The Quinoa salad complements the Mushroom and Tofu Kebabs really well.I always prepare my quinoa in the rice cooker. This is the best way to ensure it is perfect every time. You simply cook it the same way as you would rice, with equal quantities of quinoa and water.

Slice red pepper/capsicum into large pieces and brush with olive oil. Then, sprinkle with salt & pepper and place under a grill until the skin blisters and the flesh is tender. Slice when cooked.

Then, place the cooked quinoa, red pepper/capsicum, lemon zest, raisins, red onion, parsley and mint into a bowl and stir gently to combine. Mix the dressing ingredients together in a separate bowl and add to salad (I only ever put half into the salad and serve the remaining dressing on the side so that guests can add more if they prefer).
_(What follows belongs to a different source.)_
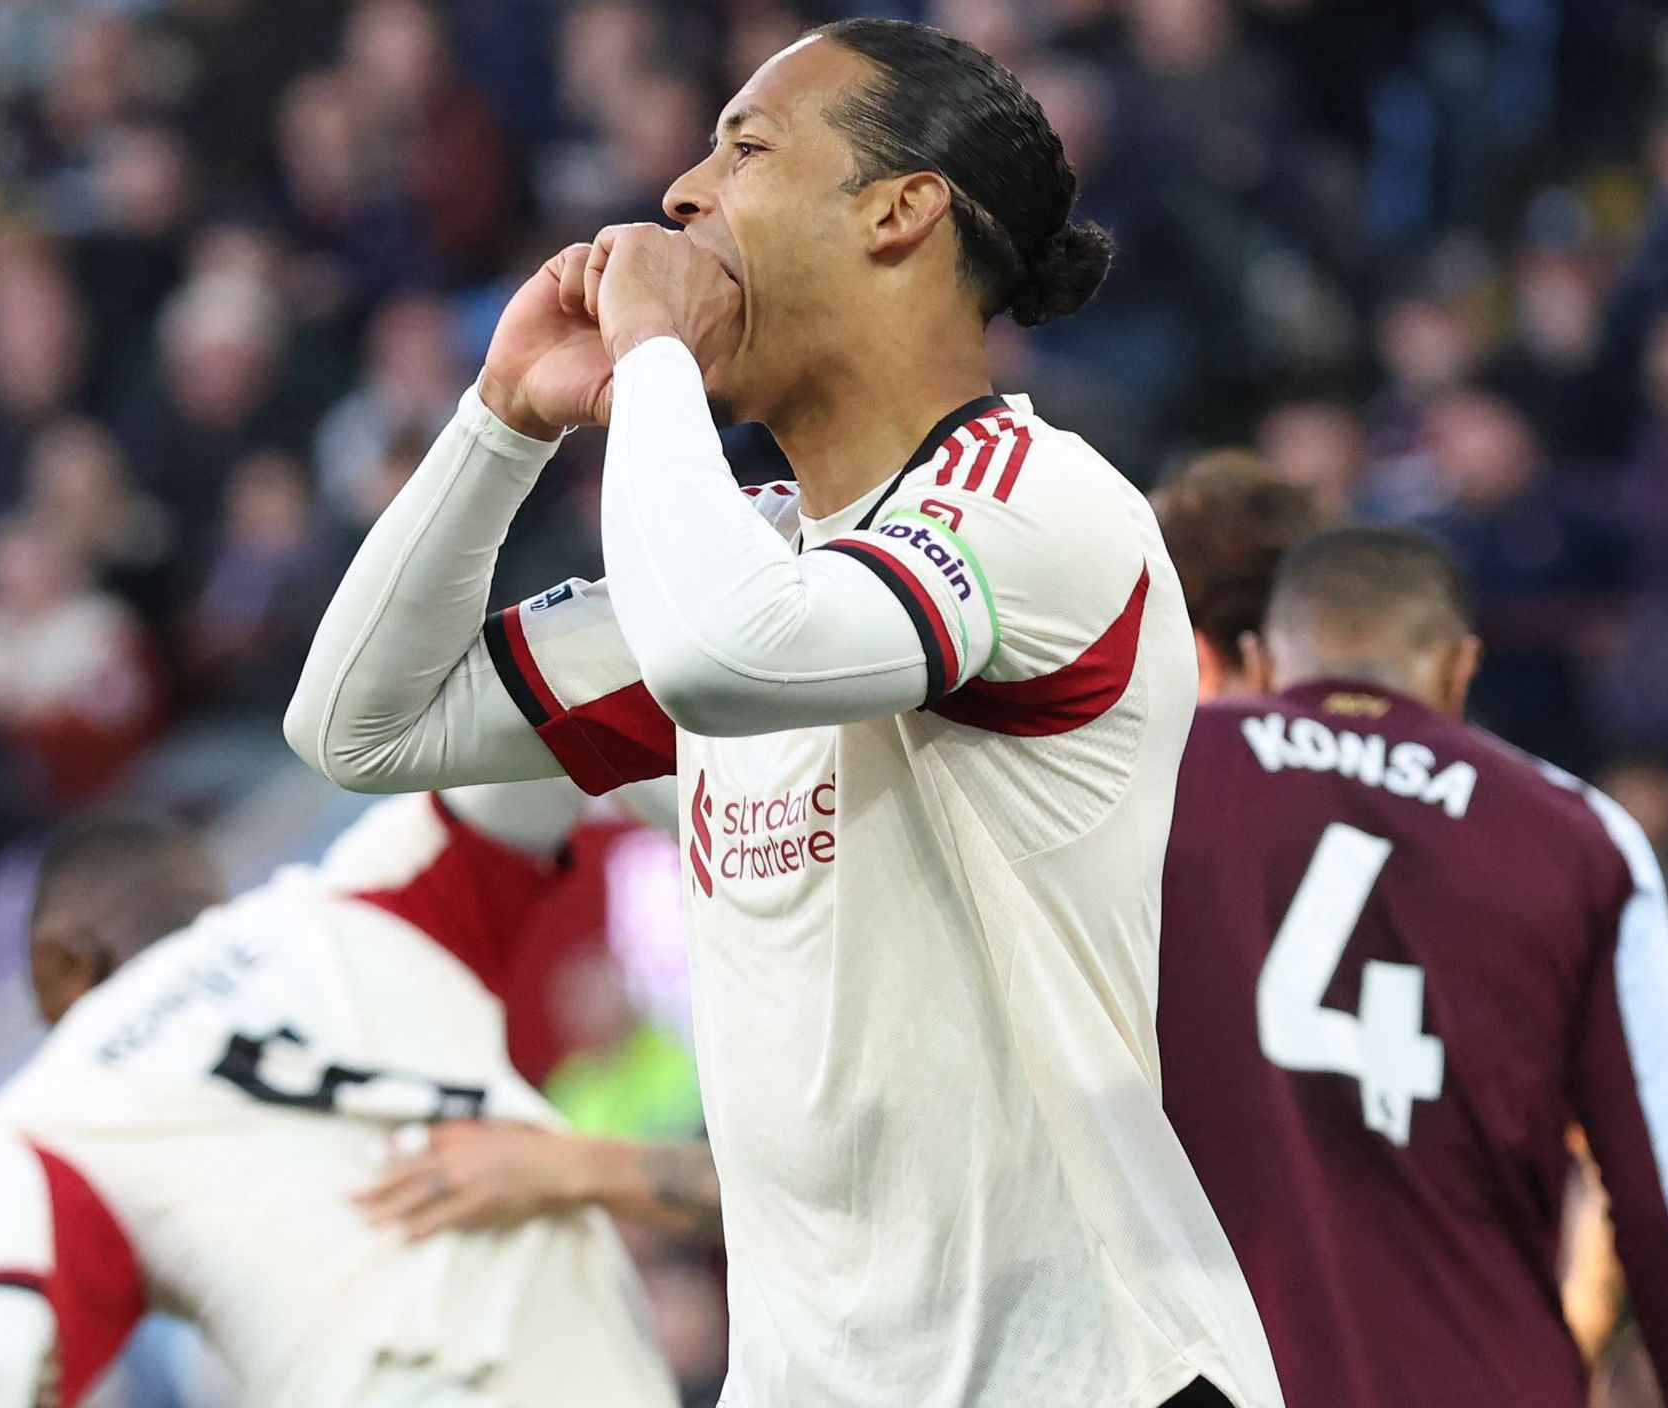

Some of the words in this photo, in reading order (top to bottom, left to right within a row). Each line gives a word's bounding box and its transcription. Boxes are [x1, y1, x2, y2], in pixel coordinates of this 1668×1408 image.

[878, 524, 972, 602] ptain
[1241, 711, 1478, 820] KONSA
[720, 830, 836, 880] chartere
[1257, 822, 1444, 1148] 4
Place salad onto plates, top with mushroom and tofu kebabs and sprinkle with fresh mint and parsley.

Vegetarian ‘Sausage’ Rolls

Bulgur is a wonderful little grain. So versatile – I use this Middle Eastern staple in a lot of recipes (especially salads) because I love its great texture and nutty flavour. It is great in tabouleh or mixed through oven roasted Mediterranean vegetables. In this recipe for vegetarian ‘sausage’ rolls, I have used bulgur as the main filler. If you do not like bulgur, you can use lentils instead but personally I love, and so do my kids. You can serve them with a salad for lunch or dinner, or as an appetiser at your next BBQ.
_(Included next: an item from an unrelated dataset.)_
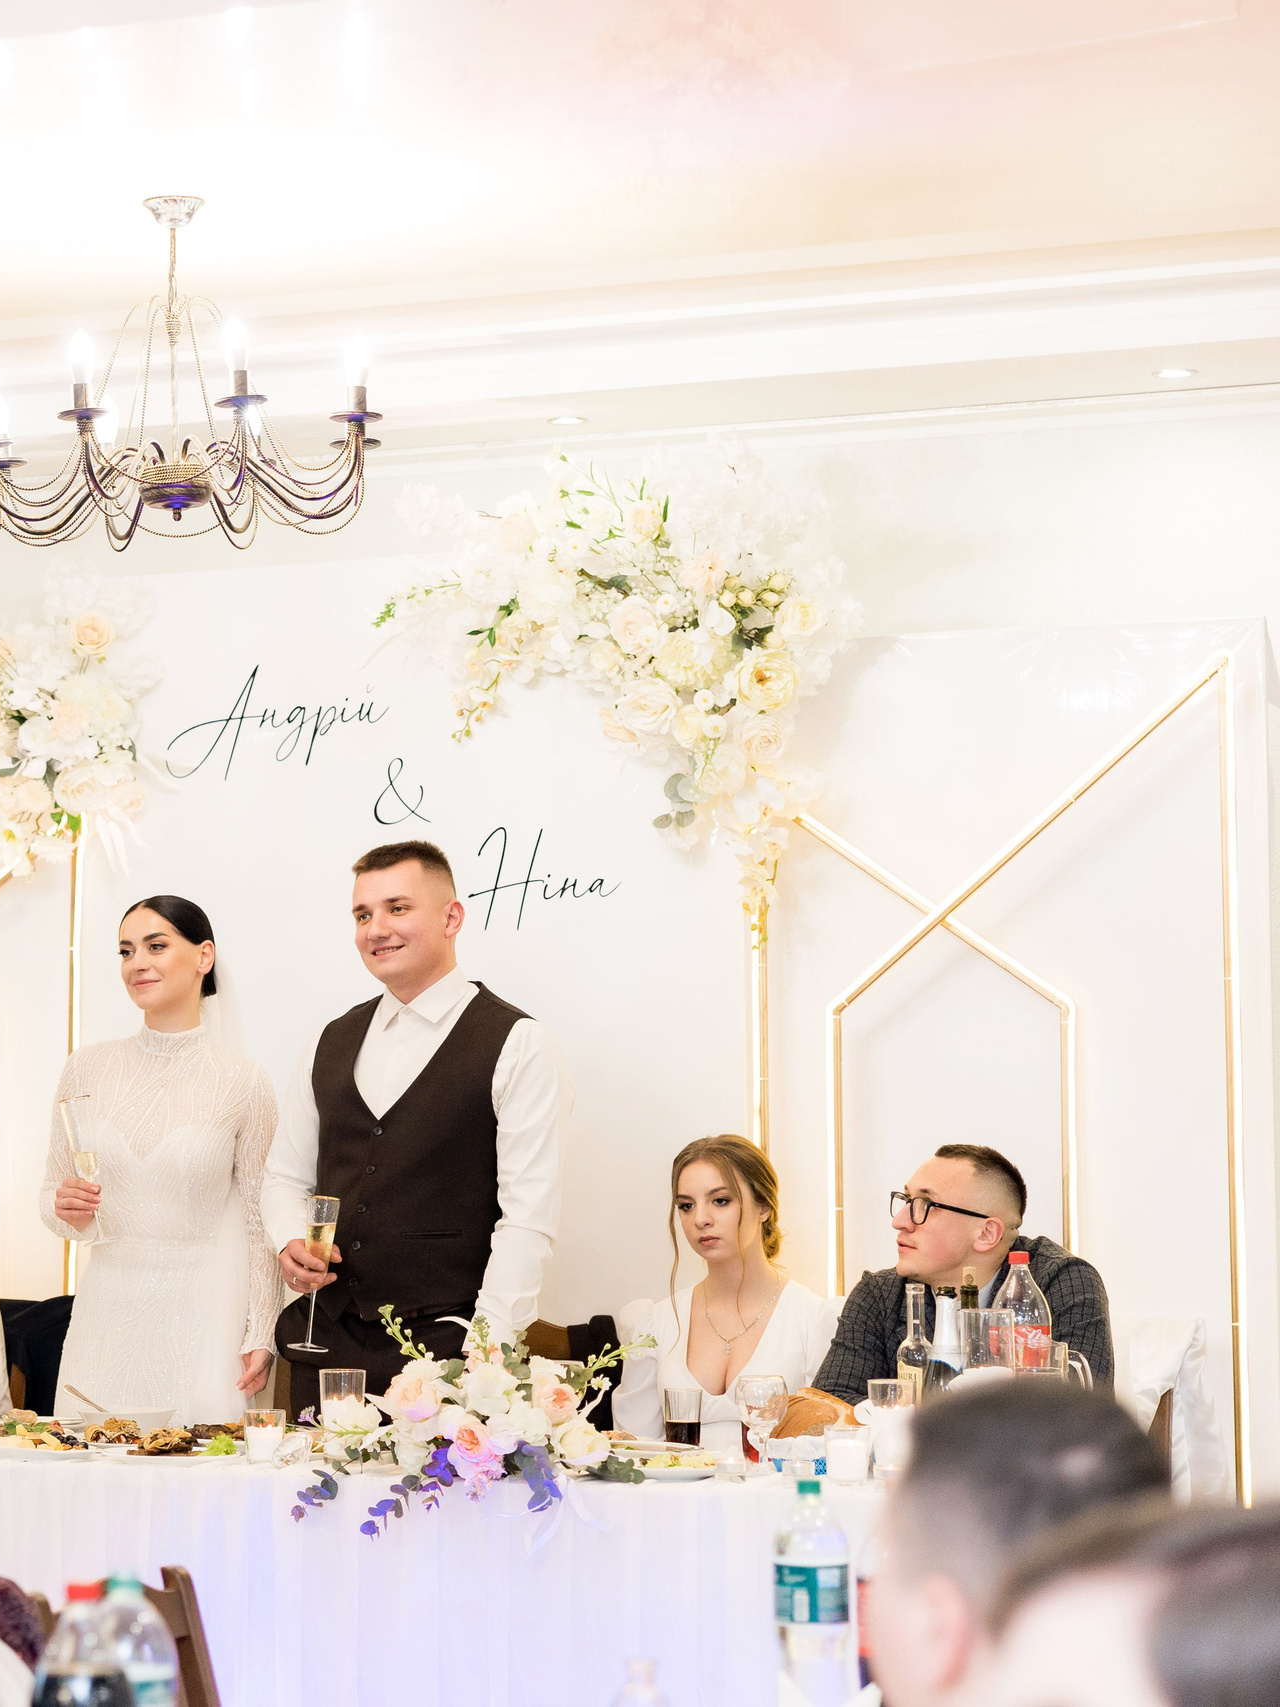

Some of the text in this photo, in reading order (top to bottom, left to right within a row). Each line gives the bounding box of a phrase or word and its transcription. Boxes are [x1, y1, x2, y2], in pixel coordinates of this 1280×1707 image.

[165, 663, 391, 781] Андрій
[373, 757, 432, 825] &
[467, 826, 621, 931] Ніна
Ingredients for 24 Vegetarian ‘Sausage’ Rolls

  • 2 Sheets of Puff Pastry
  • 1 cup of course bulgur
  • 1 zucchini – grated
  • 1 carrot – grated
  • 1 small onion – finely diced
  • 1 small capsicum – finely diced
  • 1 tablespoon of crushed garlic
  • 6 (dried) shiitake mushrooms
  • 1 cup of boiling water
  • ½ cup of finely sliced cabbage
  • Olive oil
  • 1 tablespoon of vegetarian oyster sauce
  • 1 teaspoon of paprika
  • 1 teaspoon of dried mixed herbs
  • 1 egg (optional)
  • 1 vegetable stock cube
  • Salt & pepper to taste

Cooking Process once Ready

These sausage rolls are meat-free and simply taste delicious.Place bulgur in a saucepan and cover with cold water – bring to boil on the stovetop. Boil for 10 minutes and then drain well. Place shiitake mushrooms in a bowl with 1 cup of boiling water and soak for 10 minutes. Once softened, remove the stems from mushrooms with a pair of kitchen scissors and then add to a blender with half of the water and process until smooth. Then, Dissolve vegetable stock cube in remaining water.
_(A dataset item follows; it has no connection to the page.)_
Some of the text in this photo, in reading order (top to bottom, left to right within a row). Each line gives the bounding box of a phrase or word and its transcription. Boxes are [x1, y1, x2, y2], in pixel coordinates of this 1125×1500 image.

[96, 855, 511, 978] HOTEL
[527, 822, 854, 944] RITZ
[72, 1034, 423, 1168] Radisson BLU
Heat oil in a frying pan and add garlic, capsicum, cabbage, onion, carrot and zucchini. Cook over a medium heat for 2-3 minutes. Add cooked bulgur, paprika, mushroom mix and stock and continue to cook for five minutes.

Add vegetarian oyster sauce and dried herbs. Allow mixture to cool slightly and if you wish you could mix through an egg once cooled– optional (it helps the mixture bind together a little better but is not necessary. The recipe will still work well without the egg).

Cut two pieces of puff pastry in half to form four rectangles. Place mixture down the centre of each rectangle the fold pastry to enclose mixture. Place each roll seam side down and cut into six equal pieces.

Place individual sausage rolls seam side down on an oven tray, brush with olive oil, sprinkle with sesame seeds and bake in a 180°c oven for 30-40 minutes or until golden brown.

Serve with your favourite tomato sauce or chutney.